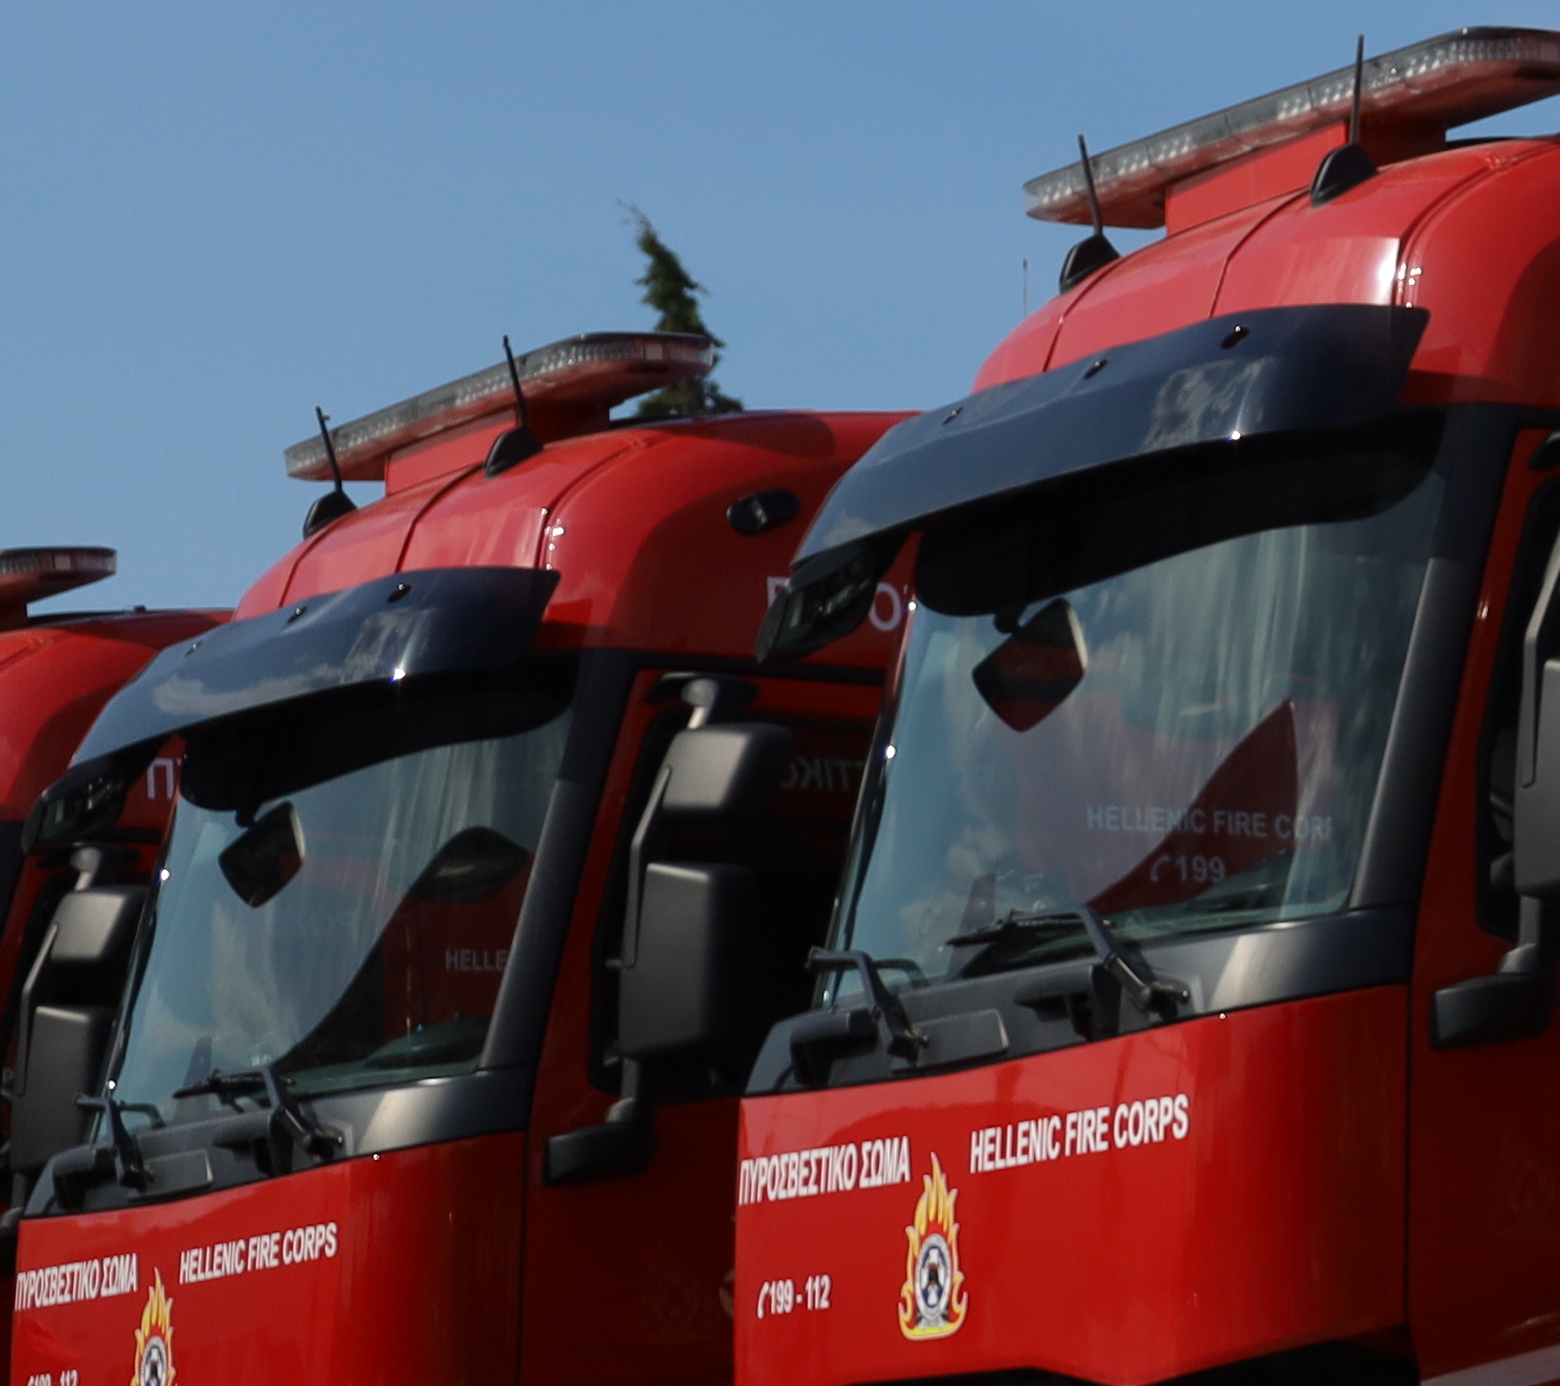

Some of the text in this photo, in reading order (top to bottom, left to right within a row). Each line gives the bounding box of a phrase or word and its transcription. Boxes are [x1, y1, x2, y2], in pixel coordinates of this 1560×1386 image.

[1212, 809, 1268, 838] FIRE
[970, 1093, 1190, 1175] HELLENIC FIRE CORPS
[739, 1135, 910, 1206] ΠΥΡΟΣΒΕΣΤΙΚΟ ΣΩΜΑ
[14, 1252, 138, 1312] ΠΥΡΟΣΒΕΣΤΙΚΟ ΣΩΜΑ
[179, 1221, 338, 1285] HELLENIC FIRE CORPS
[768, 1280, 794, 1316] 199
[804, 1274, 832, 1311] 112

****************************************

Give the entries above again, exactly as written and free of images.

▶ Answer area:
Some of the text in this photo, in reading order (top to bottom, left to right within a row). Each line gives the bounding box of a phrase or word and its transcription. Boxes are [x1, y1, x2, y2], in pixel coordinates of this 1560×1386 image.

[1212, 809, 1268, 838] FIRE
[970, 1093, 1190, 1175] HELLENIC FIRE CORPS
[739, 1135, 910, 1206] ΠΥΡΟΣΒΕΣΤΙΚΟ ΣΩΜΑ
[14, 1252, 138, 1312] ΠΥΡΟΣΒΕΣΤΙΚΟ ΣΩΜΑ
[179, 1221, 338, 1285] HELLENIC FIRE CORPS
[768, 1280, 794, 1316] 199
[804, 1274, 832, 1311] 112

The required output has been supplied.